EXTRACTED MATERIAL -
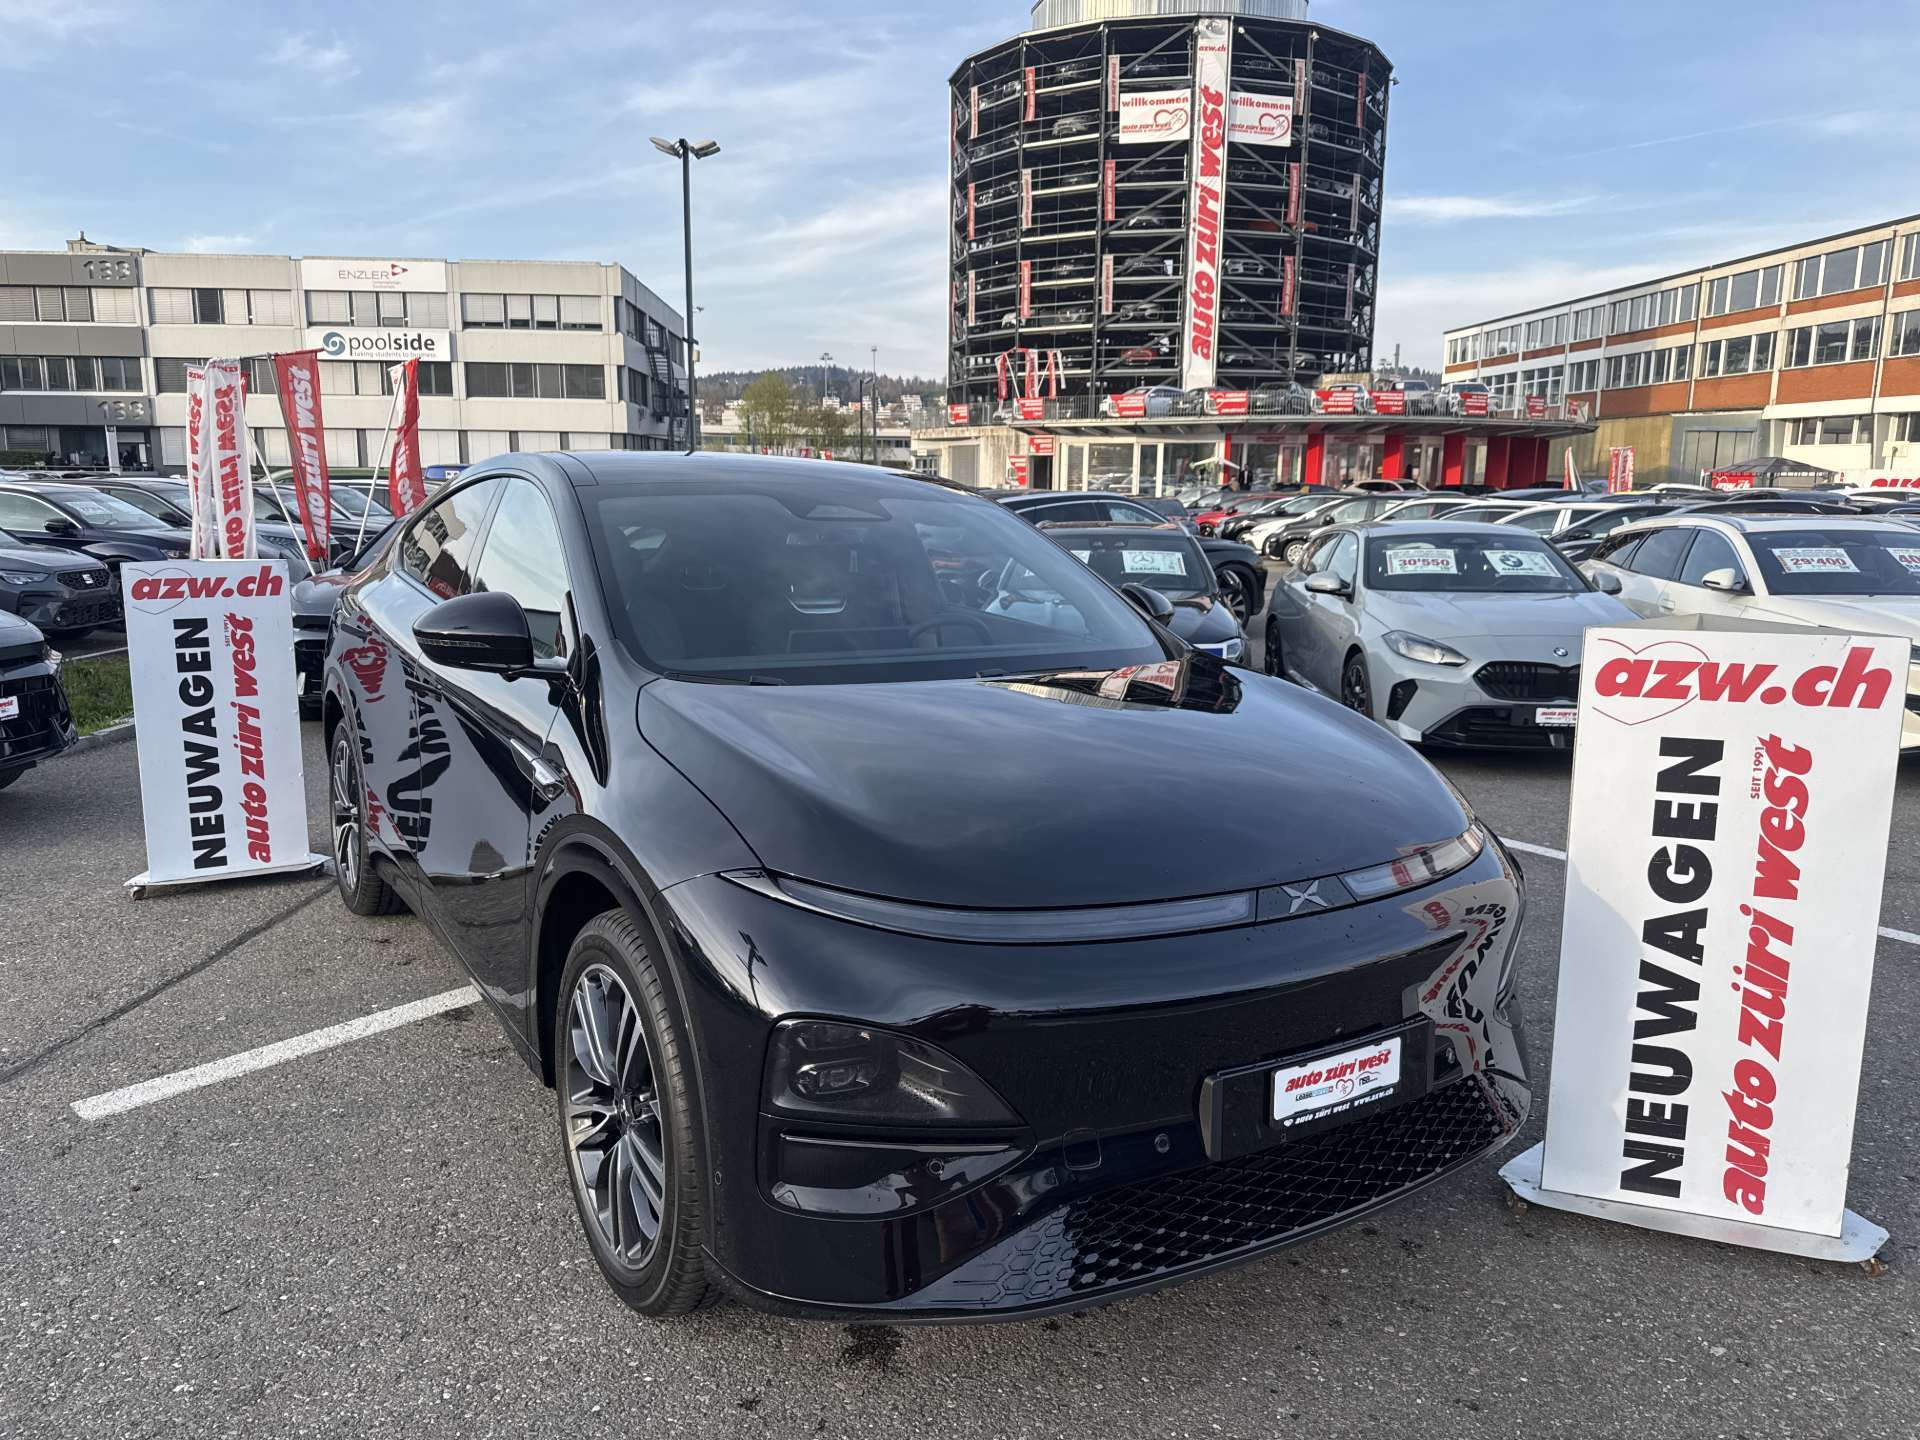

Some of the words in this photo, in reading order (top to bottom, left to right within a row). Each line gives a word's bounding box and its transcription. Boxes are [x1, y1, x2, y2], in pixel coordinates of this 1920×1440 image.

[1122, 96, 1189, 107] willkommen
[1199, 84, 1225, 177] west
[1231, 97, 1291, 110] willkommen
[1191, 181, 1220, 268] züri
[338, 270, 390, 280] ENZLER
[349, 332, 436, 356] poolside
[1190, 270, 1217, 361] auto
[374, 350, 401, 358] students
[287, 364, 315, 429] west
[297, 431, 322, 493] züri
[131, 565, 283, 600] azw.ch
[1397, 558, 1450, 566] 30'550
[1790, 557, 1847, 566] 29'400
[225, 612, 259, 697] west
[1594, 646, 1893, 709] azw.ch
[173, 617, 228, 870] NEUWAGEN
[230, 701, 265, 780] züri
[1753, 746, 1764, 773] 1991
[1750, 776, 1761, 799] SEIT
[1753, 733, 1813, 900] west
[239, 782, 272, 864] auto
[1619, 736, 1725, 1199] NEUWAGEN
[1730, 903, 1794, 1063] züri
[1284, 1070, 1323, 1092] auto
[1323, 1058, 1357, 1083] züri
[1358, 1048, 1391, 1072] west
[1720, 1058, 1777, 1215] auto
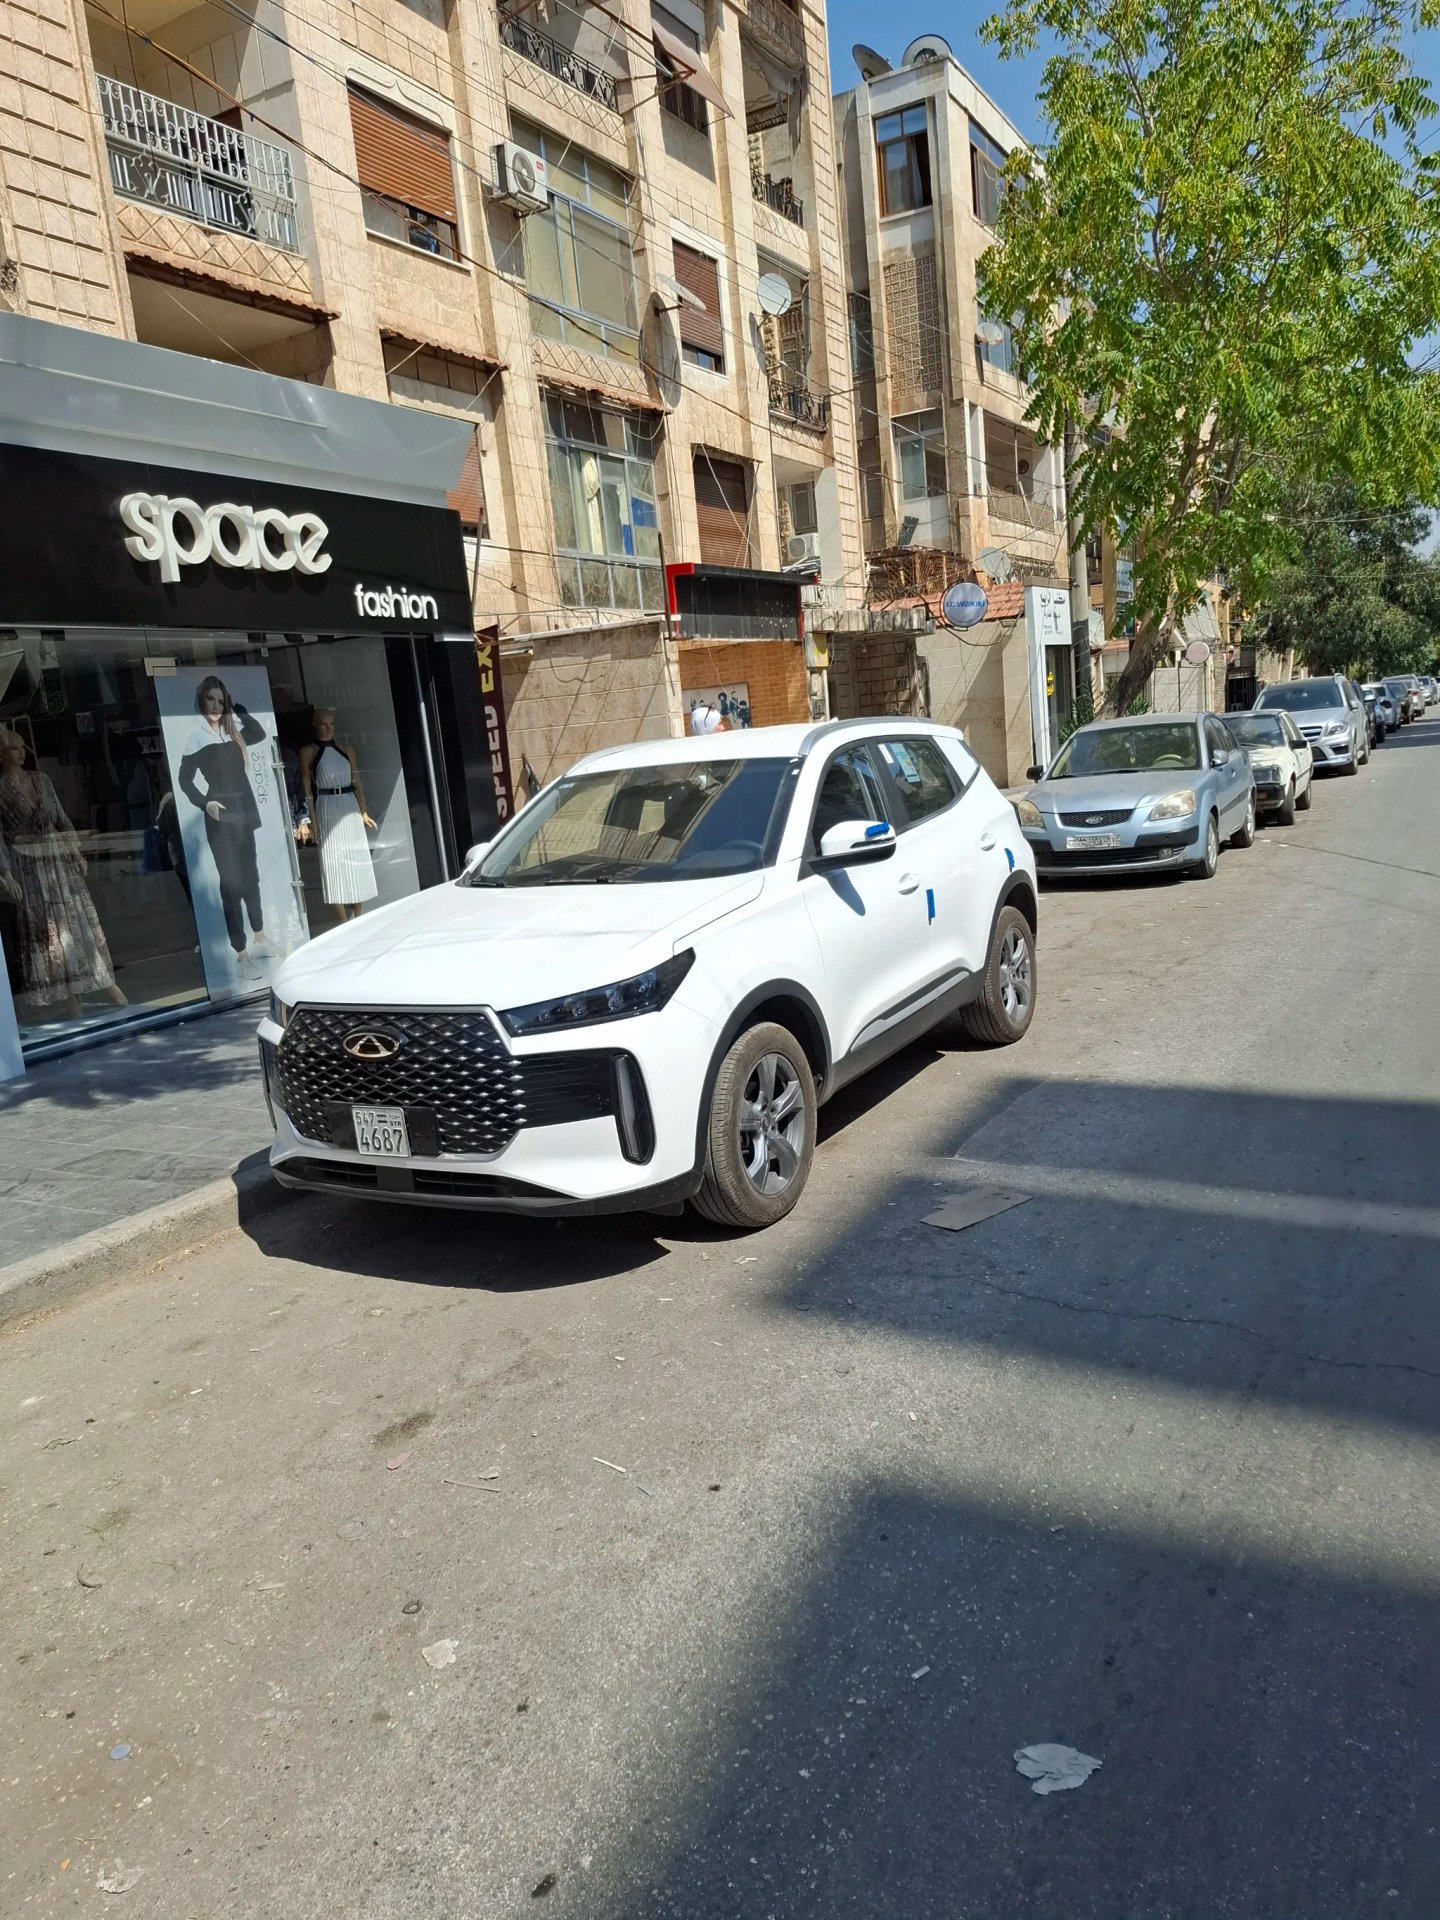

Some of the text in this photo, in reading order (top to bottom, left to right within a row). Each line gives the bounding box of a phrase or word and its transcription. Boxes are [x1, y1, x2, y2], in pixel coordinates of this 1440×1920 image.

BRIEF -
Copy every record character for character. Skip the pictures.

RESPONSE BOX -
Some of the words in this photo, in reading order (top to bottom, left to right within a row). Each line gives a word's bounding box and its transcription. Boxes are [x1, y1, x2, y2], in pixel coordinates of this 1920×1440 image.

[1122, 96, 1189, 107] willkommen
[1199, 84, 1225, 177] west
[1231, 97, 1291, 110] willkommen
[1191, 181, 1220, 268] züri
[338, 270, 390, 280] ENZLER
[349, 332, 436, 356] poolside
[1190, 270, 1217, 361] auto
[374, 350, 401, 358] students
[287, 364, 315, 429] west
[297, 431, 322, 493] züri
[131, 565, 283, 600] azw.ch
[1397, 558, 1450, 566] 30'550
[1790, 557, 1847, 566] 29'400
[225, 612, 259, 697] west
[1594, 646, 1893, 709] azw.ch
[173, 617, 228, 870] NEUWAGEN
[230, 701, 265, 780] züri
[1753, 746, 1764, 773] 1991
[1750, 776, 1761, 799] SEIT
[1753, 733, 1813, 900] west
[239, 782, 272, 864] auto
[1619, 736, 1725, 1199] NEUWAGEN
[1730, 903, 1794, 1063] züri
[1284, 1070, 1323, 1092] auto
[1323, 1058, 1357, 1083] züri
[1358, 1048, 1391, 1072] west
[1720, 1058, 1777, 1215] auto

Some of the text in this photo, in reading order (top to bottom, left to right within a row). Each line gives the bounding box of a phrase or word and its transcription. Boxes are [x1, y1, x2, y2], in pixel coordinates of this 1440×1920 image.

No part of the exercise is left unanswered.